:: Try it ::
Copy each line of the data below exactly, leaving out pictures.

:: Data ::
* * * * *

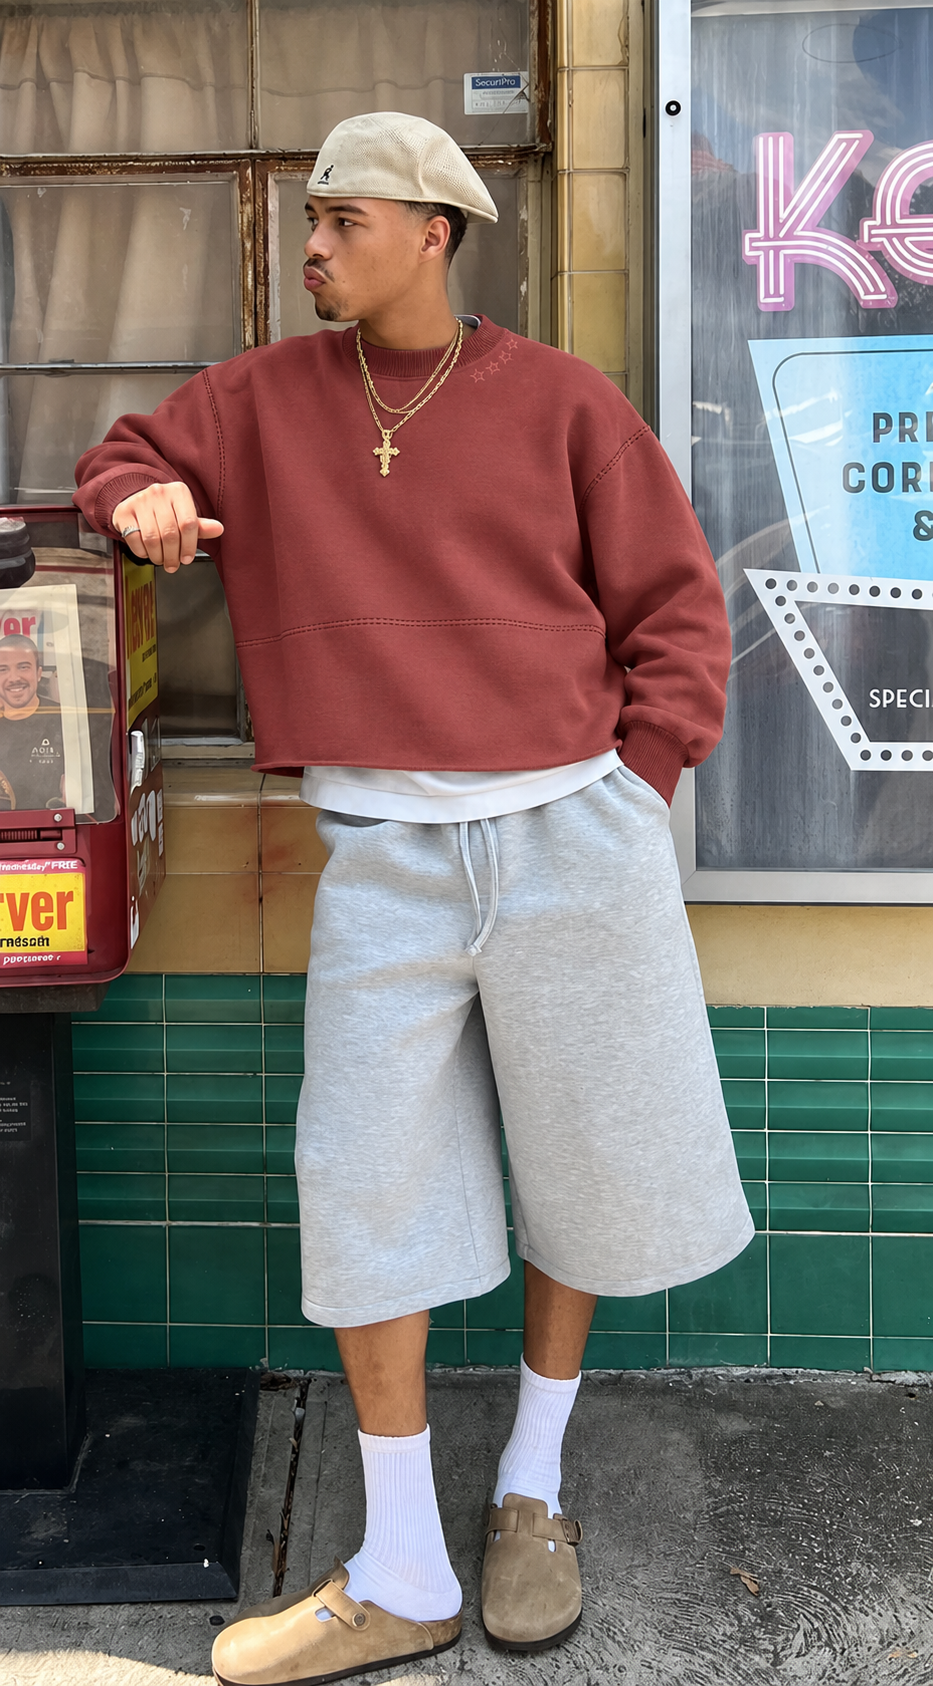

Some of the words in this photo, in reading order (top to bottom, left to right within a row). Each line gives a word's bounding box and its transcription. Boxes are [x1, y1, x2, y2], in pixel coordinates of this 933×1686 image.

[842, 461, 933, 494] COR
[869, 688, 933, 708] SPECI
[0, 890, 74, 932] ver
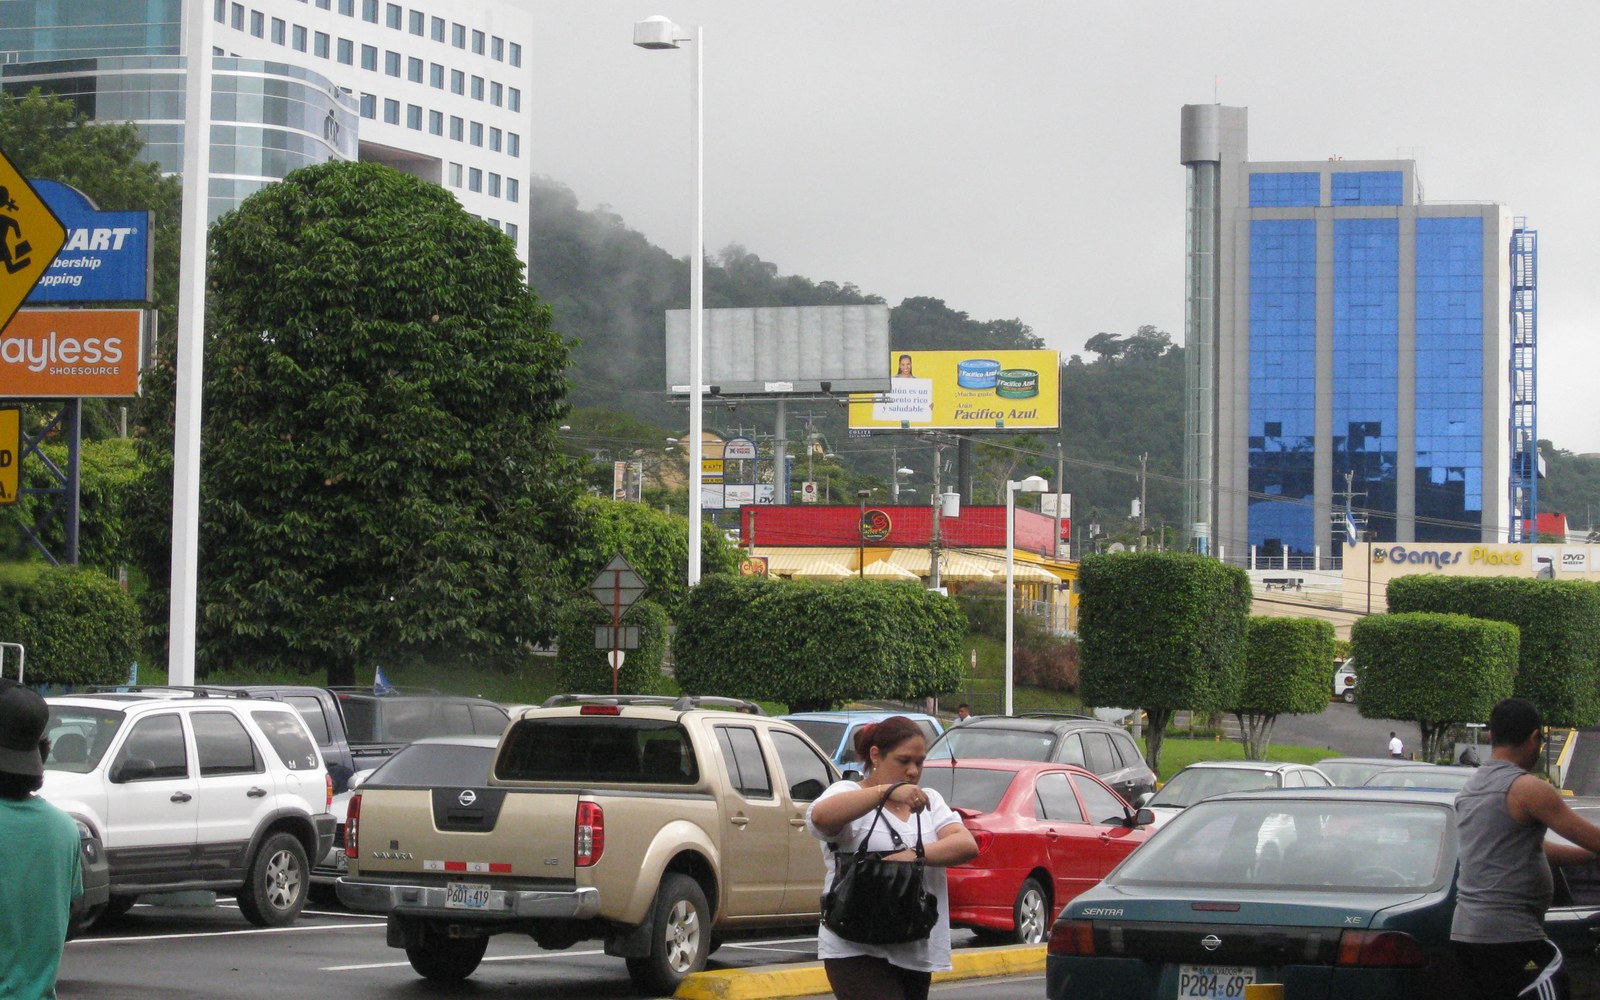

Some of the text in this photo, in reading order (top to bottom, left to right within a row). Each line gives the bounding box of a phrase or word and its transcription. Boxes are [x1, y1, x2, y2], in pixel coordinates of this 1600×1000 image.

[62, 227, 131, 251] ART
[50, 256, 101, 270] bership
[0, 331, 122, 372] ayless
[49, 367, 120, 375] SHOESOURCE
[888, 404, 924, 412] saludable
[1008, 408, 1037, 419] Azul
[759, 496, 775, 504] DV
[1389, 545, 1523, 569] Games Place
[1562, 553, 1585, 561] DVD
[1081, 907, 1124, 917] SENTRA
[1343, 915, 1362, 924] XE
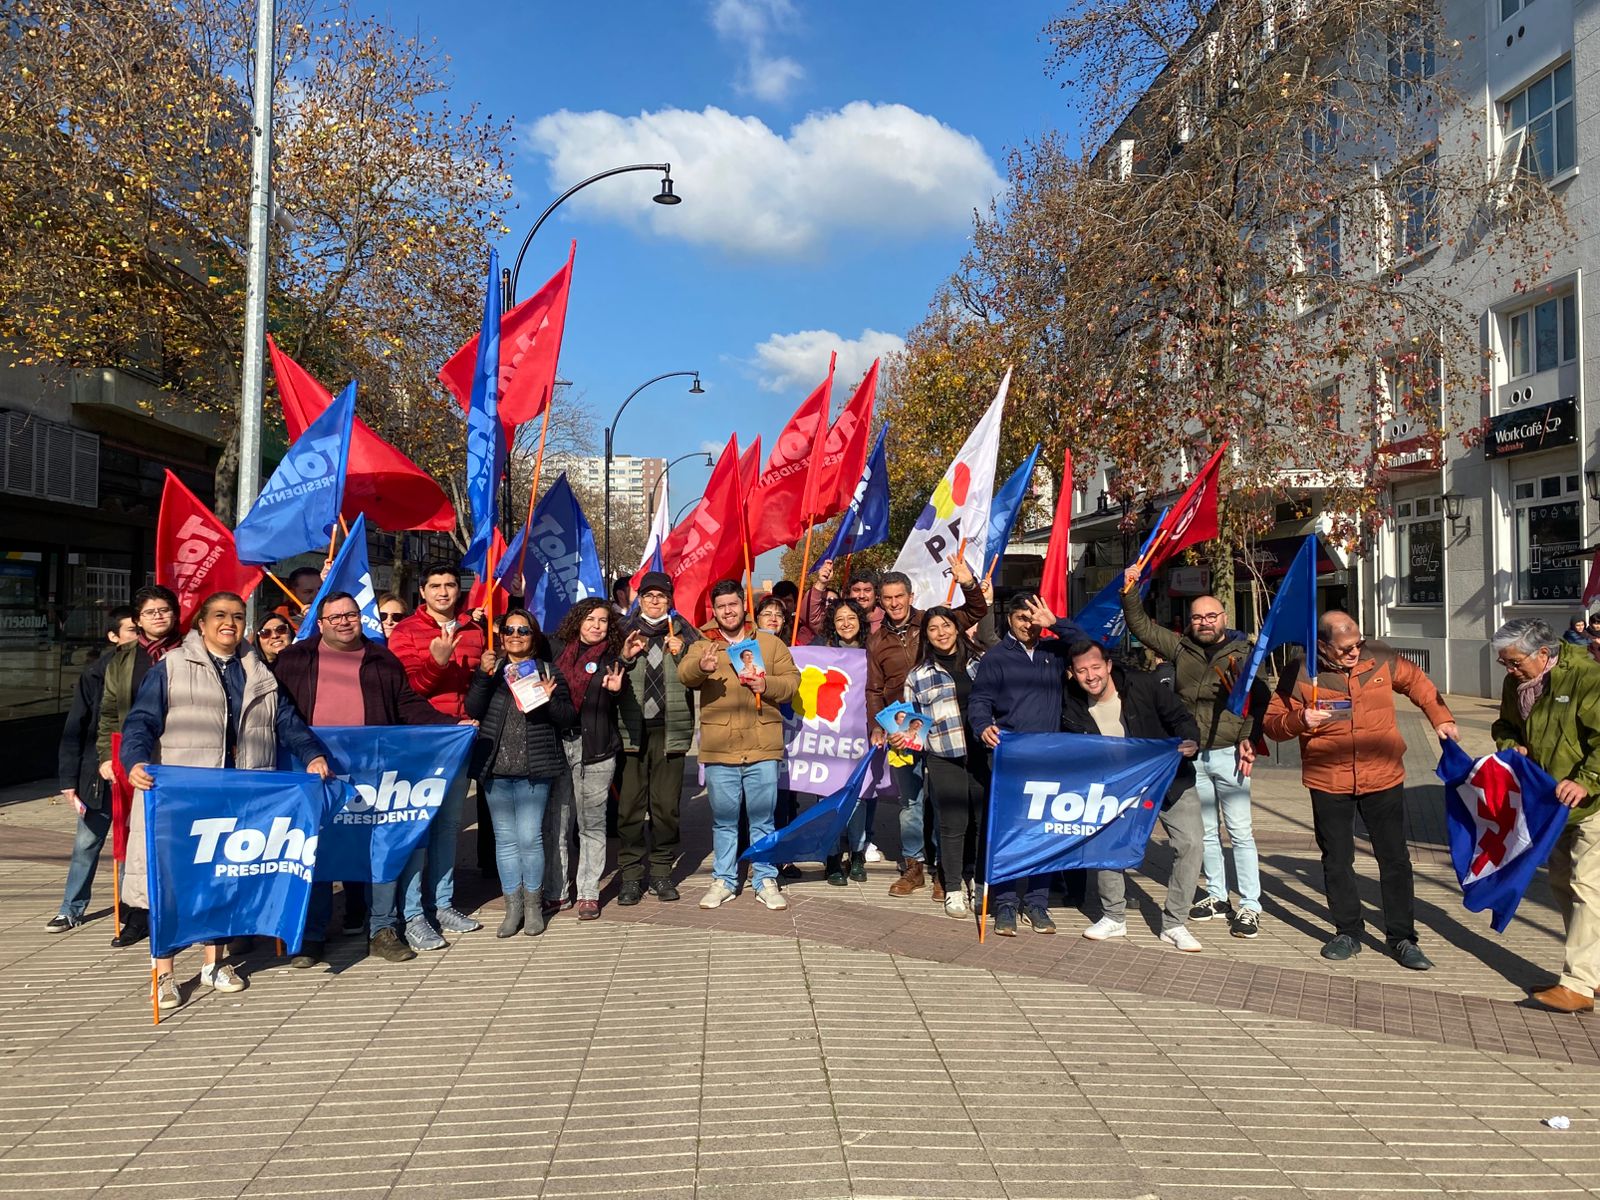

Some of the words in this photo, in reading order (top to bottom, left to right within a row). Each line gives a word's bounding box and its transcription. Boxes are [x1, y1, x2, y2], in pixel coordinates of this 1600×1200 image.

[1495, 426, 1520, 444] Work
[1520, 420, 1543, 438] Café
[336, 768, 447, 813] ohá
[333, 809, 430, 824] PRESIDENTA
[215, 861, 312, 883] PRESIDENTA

* * * * *

:: Problem solution ::
Some of the words in this photo, in reading order (top to bottom, left to right within a row). Each line gives a word's bounding box and its transcription. Boxes are [x1, y1, x2, y2], in pixel coordinates of this 933×1686 image.

[842, 461, 933, 494] COR
[869, 688, 933, 708] SPECI
[0, 890, 74, 932] ver

Some of the text in this photo, in reading order (top to bottom, left to right within a row). Each line gives the bounding box of a phrase or word and its transcription. Boxes are [x1, y1, x2, y2], in pixel coordinates of this 1600×1000 image.

[62, 227, 131, 251] ART
[50, 256, 101, 270] bership
[0, 331, 122, 372] ayless
[49, 367, 120, 375] SHOESOURCE
[888, 404, 924, 412] saludable
[1008, 408, 1037, 419] Azul
[759, 496, 775, 504] DV
[1389, 545, 1523, 569] Games Place
[1562, 553, 1585, 561] DVD
[1081, 907, 1124, 917] SENTRA
[1343, 915, 1362, 924] XE

Some of the words in this photo, in reading order (top to bottom, left to right within a row). Each line gives a word's bounding box and its transcription. Boxes are [x1, y1, x2, y2], in pixel coordinates of this 1600×1200 image.

[1495, 426, 1520, 444] Work
[1520, 420, 1543, 438] Café
[336, 768, 447, 813] ohá
[333, 809, 430, 824] PRESIDENTA
[215, 861, 312, 883] PRESIDENTA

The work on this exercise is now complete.